My hammerhead wriggled up and over the first log in the pile. I know every crevice in the logs and knew that my lure would bump through without snagging as it had fruitlessly done so often.

 

I was looking upstream to make sure I had my trolling path correct and telling a story to my client (as fishing guides do) as my lure passed through water in which I had no faith. Even though my mind was elsewhere and I wasn’t expecting a bite, I jumped back to reality when I felt the jaws of a fish snap shut on the leader as the fish had inhaled the lure completely.

 

Instinctively I gave the rod a short, sharp whack to set the hooks and the old silverback cod realised something wasn’t right and poured on the power. We got a close look at this enormous fish (estimated 130-140cm) some 30 minutes later, and after evading a brief encounter with the net, the fish popped the leader after burrowing back into his snag pile.

 

This massive cod was obviously king of the river and made sure that no other fish invaded his space. The fact that it had taken me the best part of fifteen years to even get this beast to bite shows how patient a cod can be. As fisherman, if we are to be successful in hunting these leviathans than we must exhibit similar patience.

 

Take notice of the small things

 

Its one thing to know where to find these great fish, and another to fool them inbig cod releaseto eating your lure. There are also a few little things that can also make the difference between photographing the fish of a lifetime and yet another story of a fish that got away.

 

It goes without saying that you should tie good knots, use sensible braid and leader, and have razor sharp hooks.
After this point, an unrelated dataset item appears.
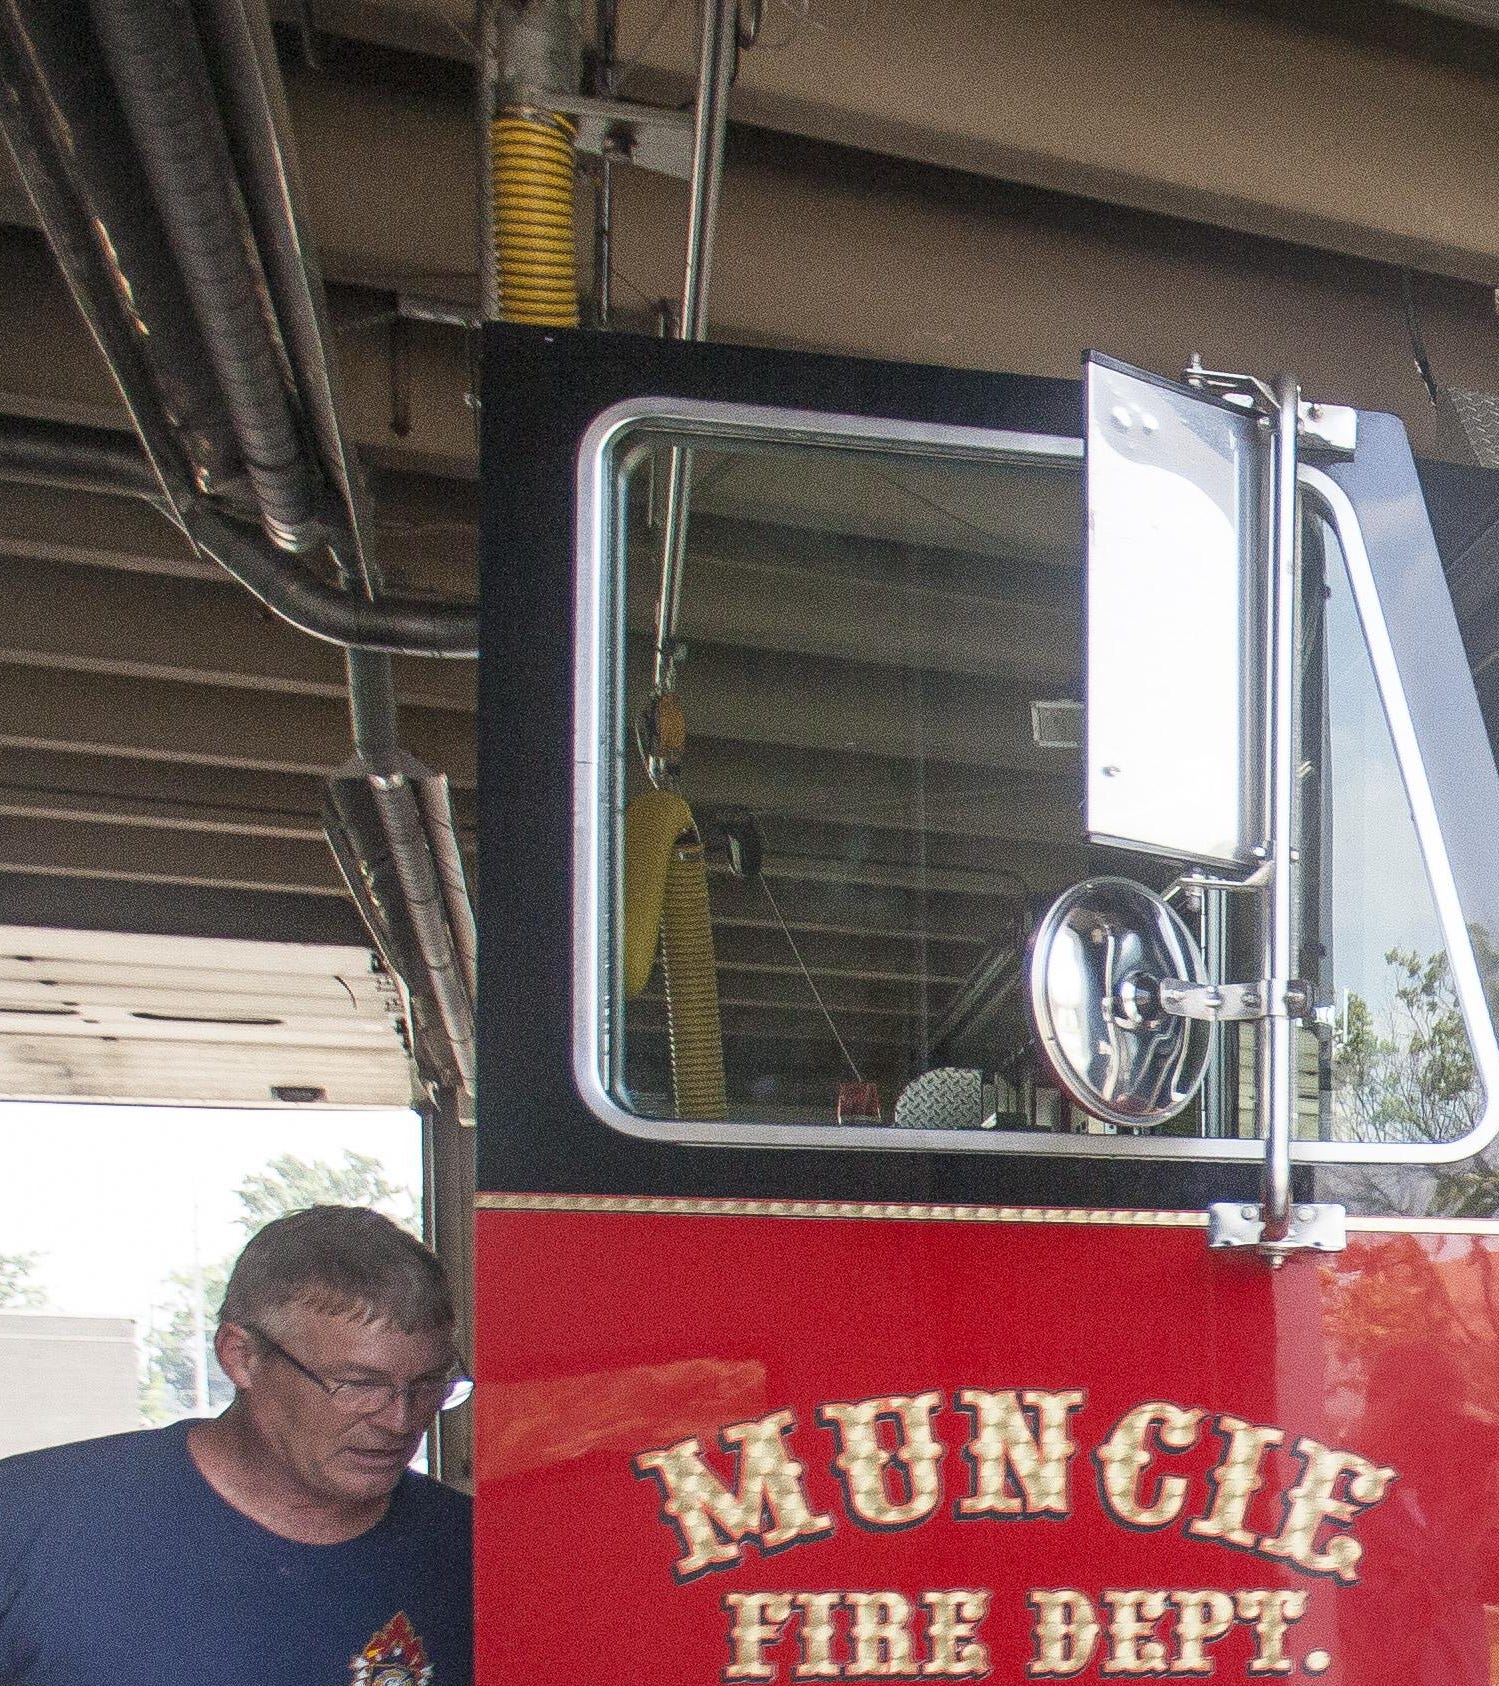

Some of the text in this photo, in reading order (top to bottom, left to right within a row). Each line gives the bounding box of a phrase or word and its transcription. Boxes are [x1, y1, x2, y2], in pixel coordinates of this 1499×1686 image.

[633, 1387, 1399, 1587] MUNCIE
[721, 1587, 1333, 1684] FIRE DEPT.
Hooks are your only link to the fish and its worth making sure that they are touched up with a file or better still retrofit your lures with quality hooks such as ‘Owner’. Owner’s aren’t the type of hook you want your kids to play with, as they bite through anything (human skin is not an effective barrier) and hold strongly, but they are a hook that lands more fish.

 

When you hook up to a big fish, it pays to manoeuvre the boat toward mid river where there are less snags for the fish to dive under. Most cod will come up and have a look at you when hooked, and if the boat drifts toward the bank, it’s likely that the fish will take the opportunity and swim under a nearby log and pop the line. If you keep the boat in open water, this brings the fish toward you and away from trouble. Again it’s a small thing to think about, but it can save a bust-off. 

 

The Way Forward

 

As a fisherman and fishing guide, I believe the changes in 2007 to the NSW rules and regulations are the biggest step forward since the re-introduction of the fishing licence. The abolition of set lines protects the bigger fish somewhat, whilst the increase in the Murray cod legal length from 50cm to 55cm (and to 60cm in December 2008), effectively allows cod a chance to mature and get a season or two of breeding before they are taken for the table.

 cod head shot

Under the old regulations, there were too few fish growing to breeding size in many areas which limited genetic diversity and could ultimately result in fish pairing up that may not have produced the strongest offspring. This can also be said of hatchery fish where brood stock paired together may not have selected each other in the wild as the strongest and best mate. With more mature fish in the wild, when conditions are right, you have fish laying eggs in numbers that would be difficult to reproduce artificially. In addition, these fish should be of stronger genetic stock.

 

I am already noticing an increase in the average size of fish, so in another season or two, the average fish (even in hard fished waterways) should be around 55-59cm, which is about the size that cod start to give a reasonable account of themselves and are excellent lure prospects.

 

Freshwater fishing for Murray cod is only going to get better.